== Task input ==
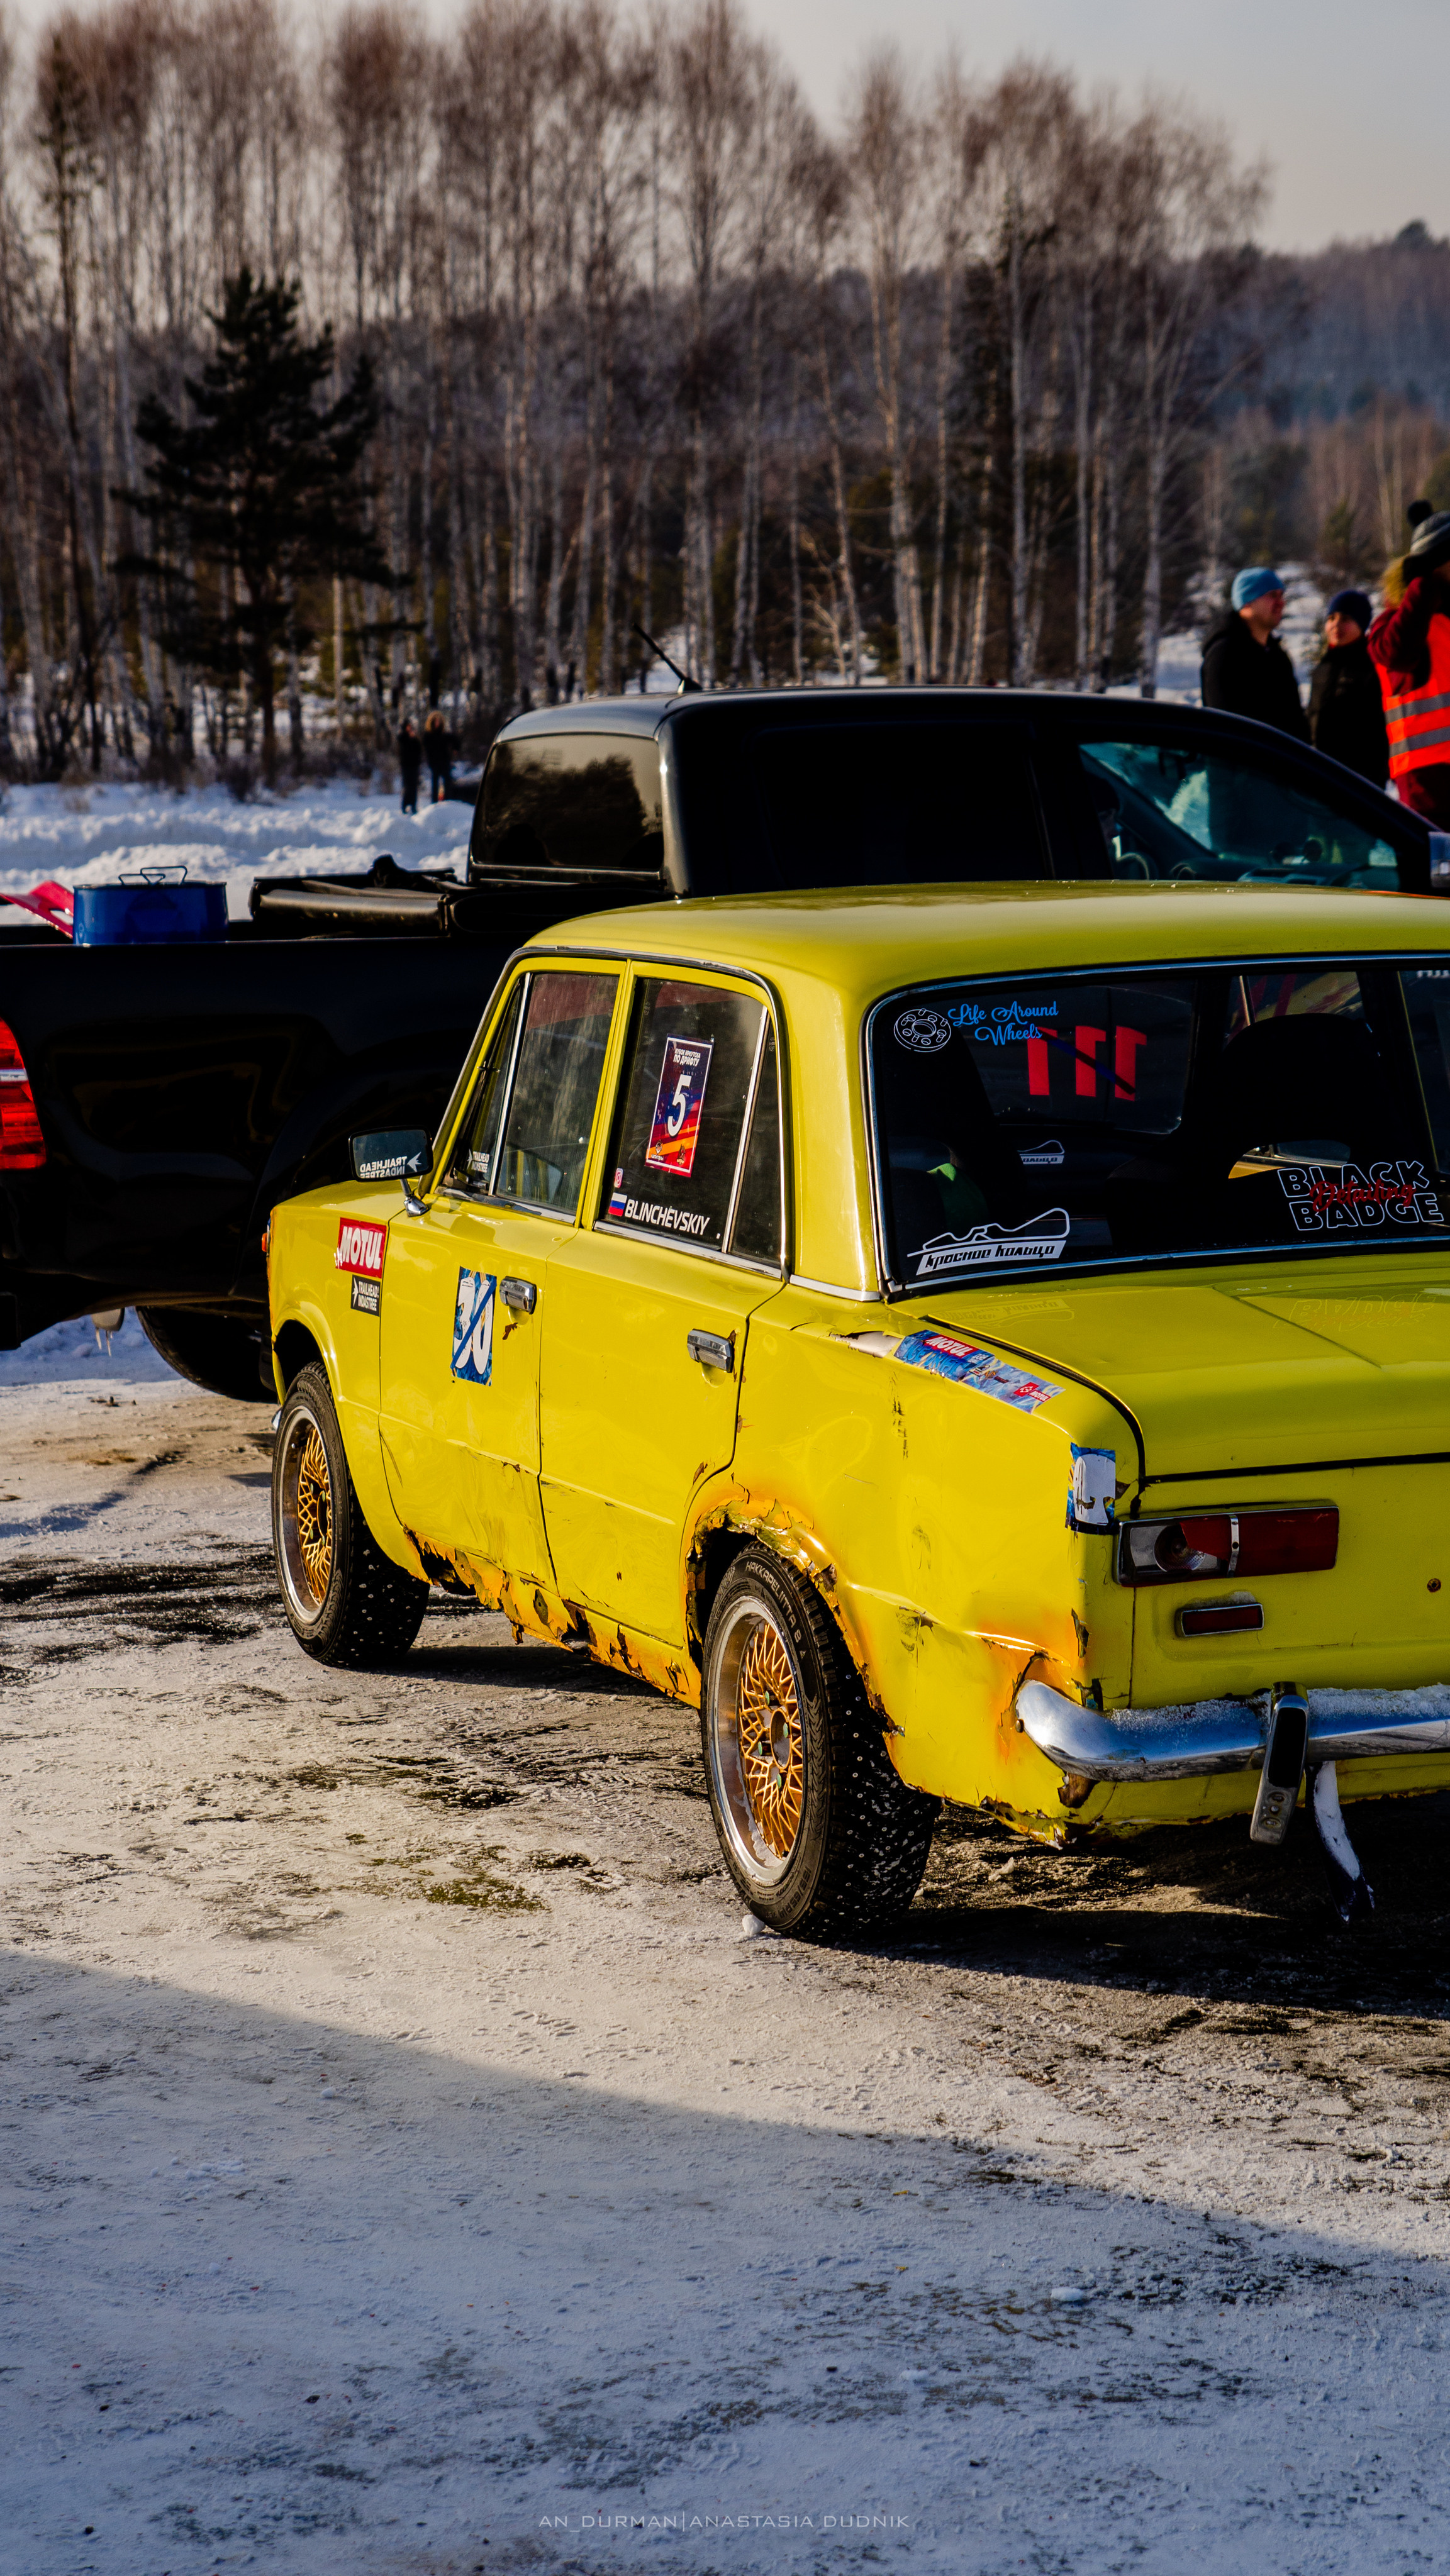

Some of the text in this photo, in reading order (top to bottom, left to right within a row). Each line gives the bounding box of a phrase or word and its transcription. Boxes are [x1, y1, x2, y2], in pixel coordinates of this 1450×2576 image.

[948, 1001, 1059, 1026] Life Around
[975, 1024, 1043, 1046] Wheels
[673, 1054, 700, 1067] ПО ДРИФТУ
[667, 1074, 692, 1138] 5
[1277, 1161, 1429, 1197] BLACK
[1309, 1179, 1416, 1213] Detailing
[625, 1199, 710, 1235] BLINCHEVSKIY
[1289, 1193, 1444, 1231] BADGE
[339, 1226, 383, 1270] MOTUL
[925, 1336, 974, 1357] MOTUL
[1029, 1391, 1049, 1401] MOTUL
[745, 1561, 802, 1643] HAKKAPELIITTA 8
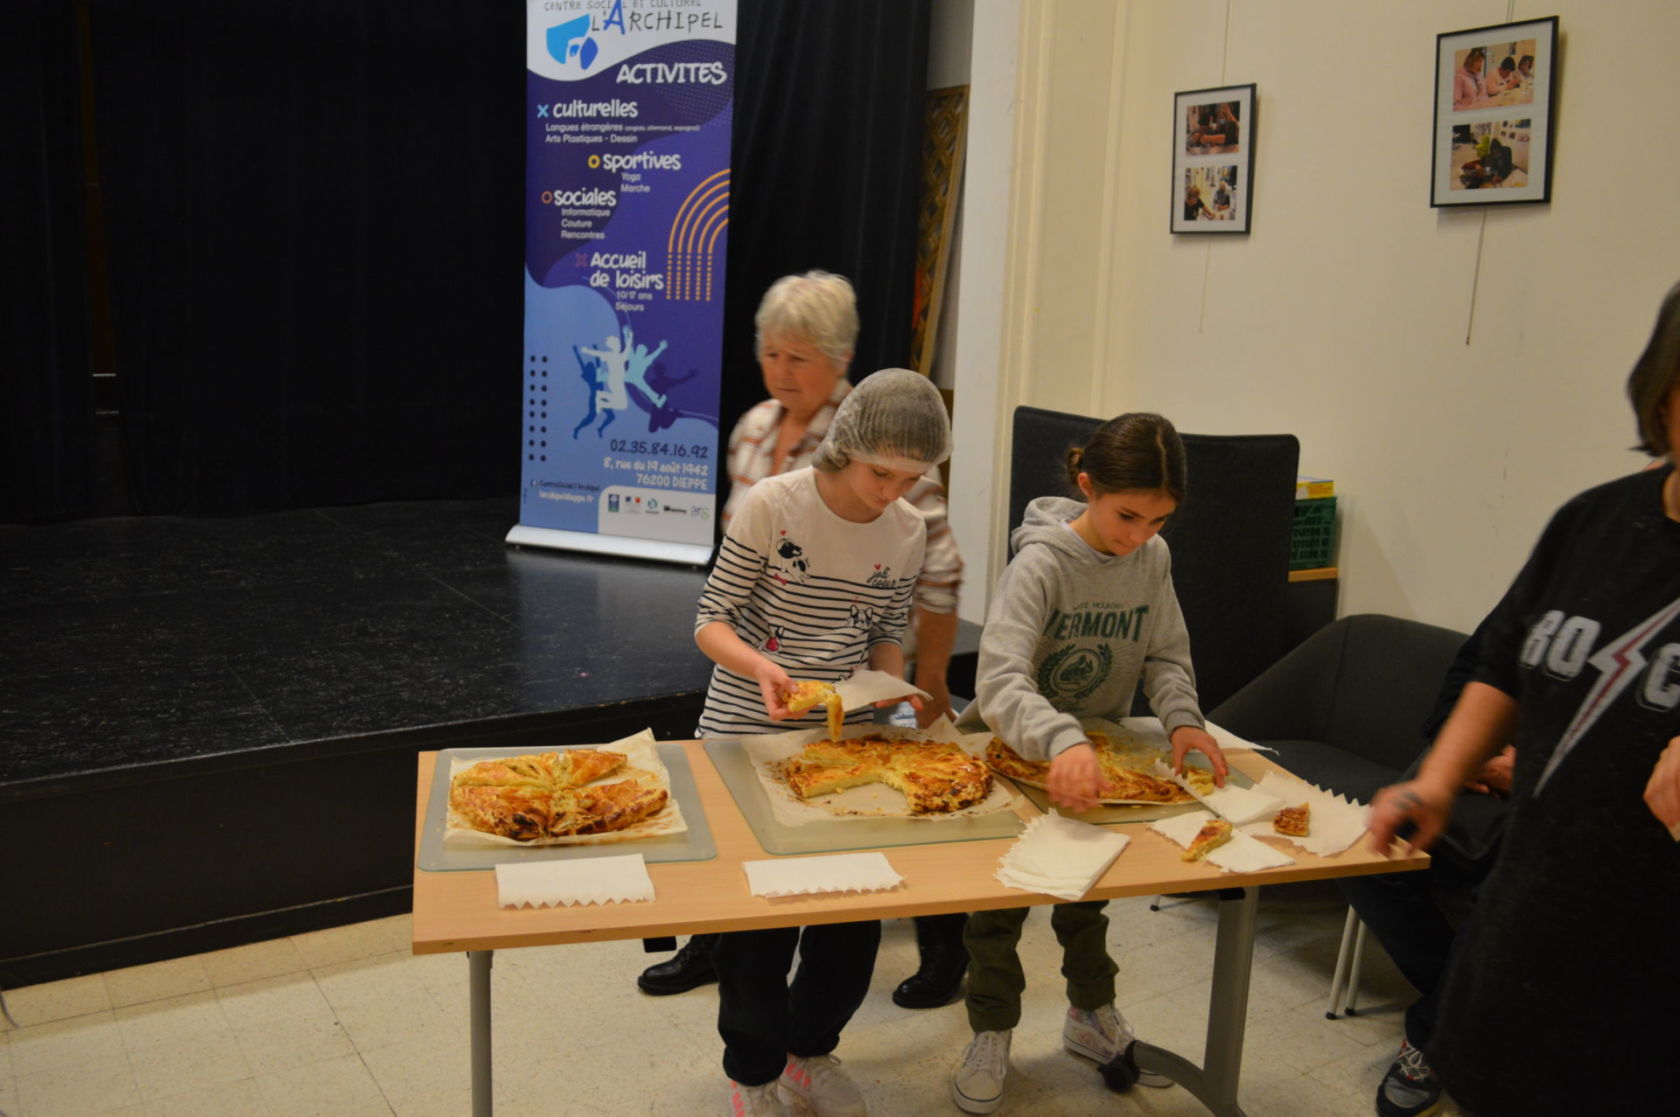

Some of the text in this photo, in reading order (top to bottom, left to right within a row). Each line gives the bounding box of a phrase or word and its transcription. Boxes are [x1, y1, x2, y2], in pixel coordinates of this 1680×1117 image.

[544, 0, 581, 11] CENTRE
[591, 0, 723, 35] L'ARCHIPEL
[616, 61, 728, 85] ACTIVITES
[552, 99, 639, 118] culturelles
[545, 123, 579, 132] Langues
[545, 134, 561, 143] Arts
[610, 134, 638, 143] Dessin
[602, 151, 682, 173] sportives
[621, 172, 641, 182] Yoga
[621, 184, 651, 193] Marche
[553, 187, 617, 207] sociales
[561, 207, 611, 217] Informatique
[561, 219, 592, 228] Couture
[561, 230, 605, 239] Rencontres
[590, 251, 646, 269] Accueil
[590, 270, 664, 290] de loisirs
[610, 438, 709, 459] 02.35.84.16.92
[682, 463, 709, 477] 1942
[636, 472, 709, 491] 76200 DIEPPE
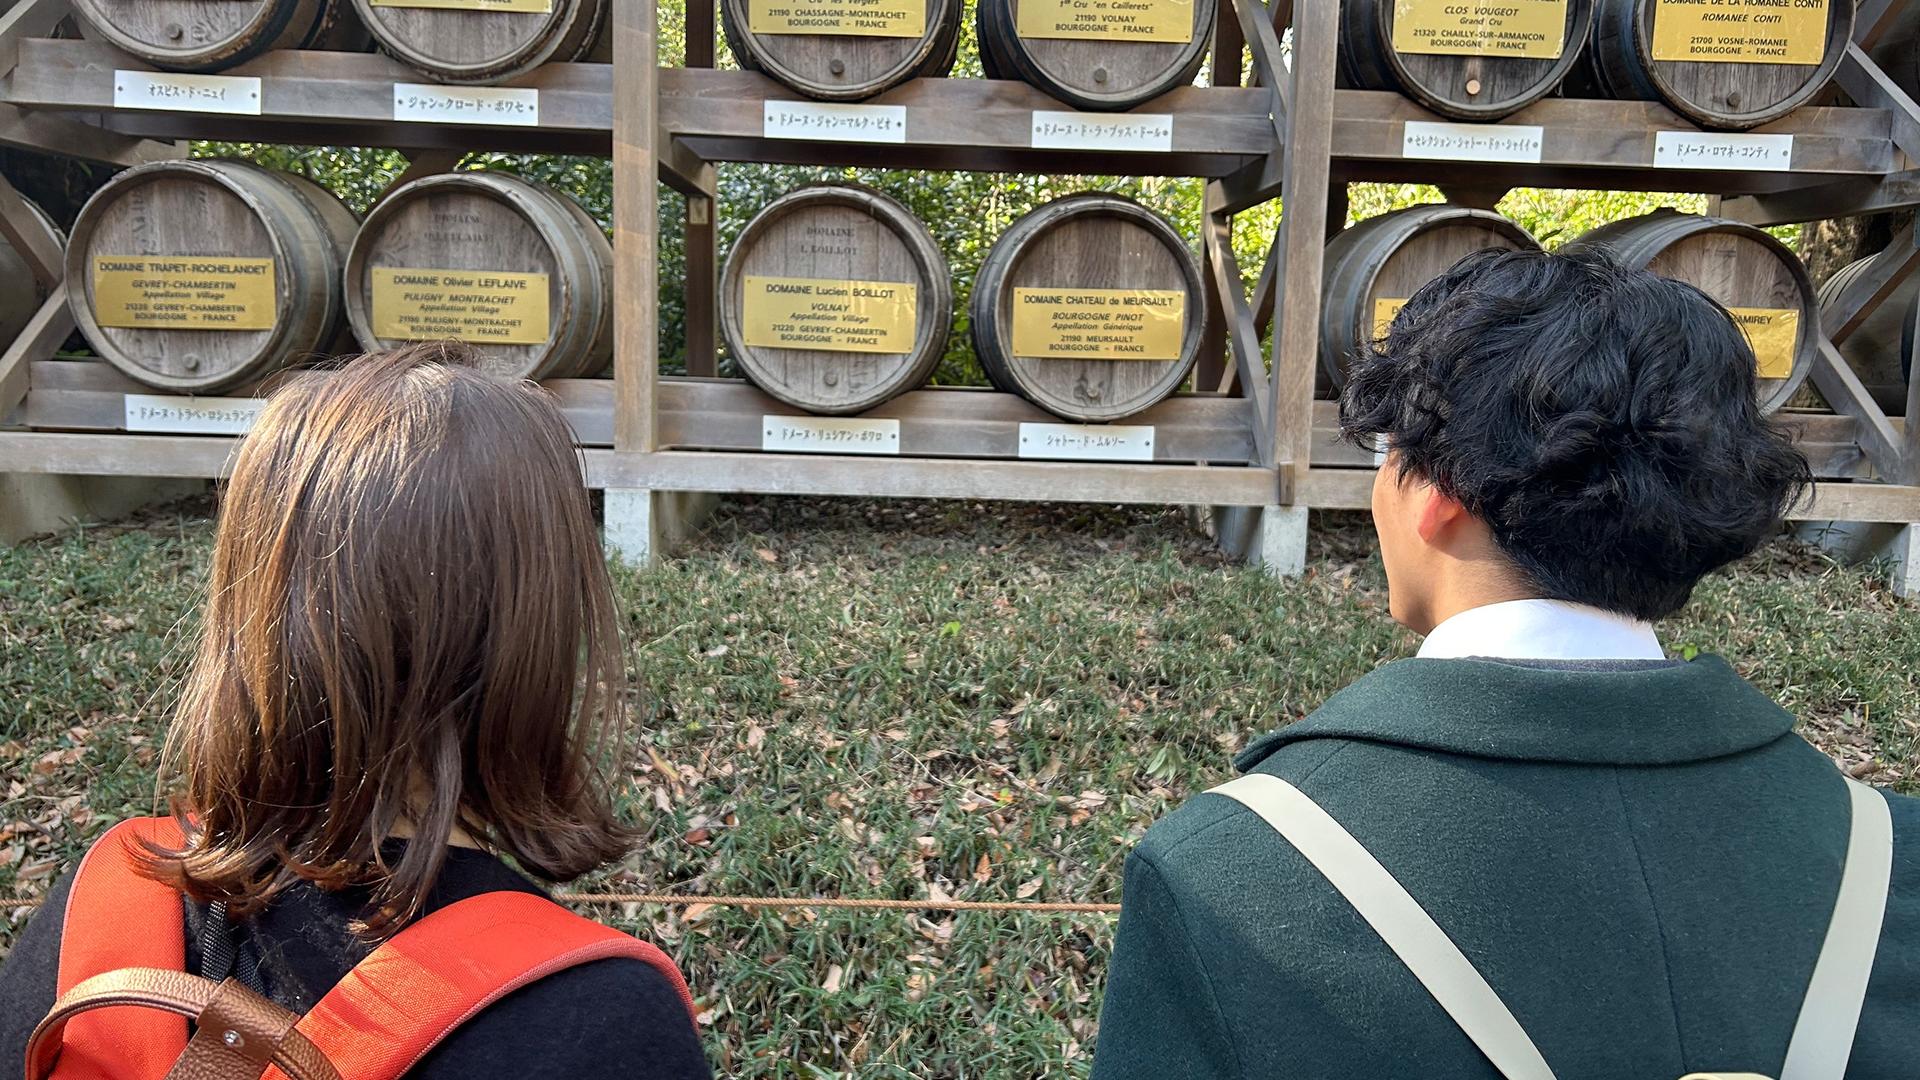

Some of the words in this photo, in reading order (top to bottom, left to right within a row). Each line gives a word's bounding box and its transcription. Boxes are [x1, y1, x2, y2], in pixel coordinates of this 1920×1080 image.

[1073, 0, 1088, 8] Cru
[1795, 0, 1822, 8] CONTI
[795, 9, 906, 19] CHASSAGNE-MONTRACHET
[1444, 6, 1468, 15] CLOS
[1474, 7, 1519, 16] VOUGEOT
[788, 18, 840, 26] BOURGOGNE
[855, 20, 887, 28] FRANCE
[1101, 15, 1136, 23] VOLNAY
[1460, 17, 1484, 25] Grand
[1488, 18, 1502, 26] Cru
[1702, 13, 1749, 22] ROMANEE
[1753, 15, 1782, 23] CONTI
[1055, 23, 1108, 32] BOURGOGNE
[1123, 25, 1154, 33] FRANCE
[1441, 29, 1545, 41] CHAILLY-SUR-ARMANCON
[1430, 39, 1482, 48] BOURGOGNE
[1496, 41, 1526, 50] FRANCE
[1718, 37, 1788, 46] VOSNE-ROMANEE
[1690, 46, 1742, 54] BOURGOGNE
[1756, 48, 1787, 56] FRANCE
[100, 262, 144, 272] DOMAINE
[150, 263, 267, 274] TRAPET-ROCHELANDET
[131, 280, 236, 289] GEVREY-CHAMBERTIN
[393, 275, 438, 286] DOMAINE
[443, 276, 474, 287] Olivier
[478, 278, 527, 289] LEFLAIVE
[143, 291, 191, 300] Appellation
[197, 291, 226, 300] Village
[766, 283, 812, 294] DOMAINE
[816, 286, 848, 297] Lucien
[852, 287, 895, 299] BOILLOT
[403, 292, 443, 302] PULIGNY
[449, 294, 517, 305] MONTRACHET
[1024, 294, 1062, 304] DOMAINE
[1065, 295, 1105, 305] CHATEAU
[1109, 296, 1120, 305] de
[1122, 296, 1173, 306] MEURSAULT
[153, 303, 245, 312] GEVREY-CHAMBERTIN
[418, 303, 467, 313] Appellation
[471, 305, 500, 315] Village
[811, 303, 850, 312] VOLNAY
[134, 312, 187, 321] BOURGOGNE
[202, 313, 236, 322] FRANCE
[424, 316, 522, 327] PULIGNY-MONTRACHET
[790, 312, 837, 322] Appellation
[842, 314, 870, 324] Village
[1052, 312, 1110, 321] BOURGOGNE
[1115, 312, 1145, 321] PINOT
[1735, 315, 1773, 324] AMIREY
[411, 325, 462, 334] BOURGOGNE
[477, 327, 511, 337] FRANCE
[772, 324, 795, 332] 21220
[799, 325, 887, 336] GEVREY-CHAMBERTIN
[1051, 322, 1098, 331] Appellation
[1103, 322, 1143, 332] Générique
[780, 333, 832, 343] BOURGOGNE
[847, 336, 878, 345] FRANCE
[1086, 335, 1134, 343] MEURSAULT
[1049, 343, 1100, 351] BOURGOGNE
[1113, 344, 1145, 352] FRANCE

== What this task involves ==
Quote the data above in full, leaving out the pictures it holds.

== Exercise answer ==
Some of the text in this photo, in reading order (top to bottom, left to right within a row). Each line gives the bounding box of a phrase or word and its transcription. Boxes are [x1, y1, x2, y2], in pixel coordinates of this 1450×2576 image.

[948, 1001, 1059, 1026] Life Around
[975, 1024, 1043, 1046] Wheels
[673, 1054, 700, 1067] ПО ДРИФТУ
[667, 1074, 692, 1138] 5
[1277, 1161, 1429, 1197] BLACK
[1309, 1179, 1416, 1213] Detailing
[625, 1199, 710, 1235] BLINCHEVSKIY
[1289, 1193, 1444, 1231] BADGE
[339, 1226, 383, 1270] MOTUL
[925, 1336, 974, 1357] MOTUL
[1029, 1391, 1049, 1401] MOTUL
[745, 1561, 802, 1643] HAKKAPELIITTA 8

Some of the text in this photo, in reading order (top to bottom, left to right within a row). Each line gives the bounding box of a phrase or word and its transcription. Boxes are [x1, y1, x2, y2], in pixel coordinates of this 1680×1117 image.

[544, 0, 581, 11] CENTRE
[591, 0, 723, 35] L'ARCHIPEL
[616, 61, 728, 85] ACTIVITES
[552, 99, 639, 118] culturelles
[545, 123, 579, 132] Langues
[545, 134, 561, 143] Arts
[610, 134, 638, 143] Dessin
[602, 151, 682, 173] sportives
[621, 172, 641, 182] Yoga
[621, 184, 651, 193] Marche
[553, 187, 617, 207] sociales
[561, 207, 611, 217] Informatique
[561, 219, 592, 228] Couture
[561, 230, 605, 239] Rencontres
[590, 251, 646, 269] Accueil
[590, 270, 664, 290] de loisirs
[610, 438, 709, 459] 02.35.84.16.92
[682, 463, 709, 477] 1942
[636, 472, 709, 491] 76200 DIEPPE

Some of the words in this photo, in reading order (top to bottom, left to right within a row). Each line gives a word's bounding box and its transcription. Boxes are [x1, y1, x2, y2], in pixel coordinates of this 1920×1080 image.

[1073, 0, 1088, 8] Cru
[1795, 0, 1822, 8] CONTI
[795, 9, 906, 19] CHASSAGNE-MONTRACHET
[1444, 6, 1468, 15] CLOS
[1474, 7, 1519, 16] VOUGEOT
[788, 18, 840, 26] BOURGOGNE
[855, 20, 887, 28] FRANCE
[1101, 15, 1136, 23] VOLNAY
[1460, 17, 1484, 25] Grand
[1488, 18, 1502, 26] Cru
[1702, 13, 1749, 22] ROMANEE
[1753, 15, 1782, 23] CONTI
[1055, 23, 1108, 32] BOURGOGNE
[1123, 25, 1154, 33] FRANCE
[1441, 29, 1545, 41] CHAILLY-SUR-ARMANCON
[1430, 39, 1482, 48] BOURGOGNE
[1496, 41, 1526, 50] FRANCE
[1718, 37, 1788, 46] VOSNE-ROMANEE
[1690, 46, 1742, 54] BOURGOGNE
[1756, 48, 1787, 56] FRANCE
[100, 262, 144, 272] DOMAINE
[150, 263, 267, 274] TRAPET-ROCHELANDET
[131, 280, 236, 289] GEVREY-CHAMBERTIN
[393, 275, 438, 286] DOMAINE
[443, 276, 474, 287] Olivier
[478, 278, 527, 289] LEFLAIVE
[143, 291, 191, 300] Appellation
[197, 291, 226, 300] Village
[766, 283, 812, 294] DOMAINE
[816, 286, 848, 297] Lucien
[852, 287, 895, 299] BOILLOT
[403, 292, 443, 302] PULIGNY
[449, 294, 517, 305] MONTRACHET
[1024, 294, 1062, 304] DOMAINE
[1065, 295, 1105, 305] CHATEAU
[1109, 296, 1120, 305] de
[1122, 296, 1173, 306] MEURSAULT
[153, 303, 245, 312] GEVREY-CHAMBERTIN
[418, 303, 467, 313] Appellation
[471, 305, 500, 315] Village
[811, 303, 850, 312] VOLNAY
[134, 312, 187, 321] BOURGOGNE
[202, 313, 236, 322] FRANCE
[424, 316, 522, 327] PULIGNY-MONTRACHET
[790, 312, 837, 322] Appellation
[842, 314, 870, 324] Village
[1052, 312, 1110, 321] BOURGOGNE
[1115, 312, 1145, 321] PINOT
[1735, 315, 1773, 324] AMIREY
[411, 325, 462, 334] BOURGOGNE
[477, 327, 511, 337] FRANCE
[772, 324, 795, 332] 21220
[799, 325, 887, 336] GEVREY-CHAMBERTIN
[1051, 322, 1098, 331] Appellation
[1103, 322, 1143, 332] Générique
[780, 333, 832, 343] BOURGOGNE
[847, 336, 878, 345] FRANCE
[1086, 335, 1134, 343] MEURSAULT
[1049, 343, 1100, 351] BOURGOGNE
[1113, 344, 1145, 352] FRANCE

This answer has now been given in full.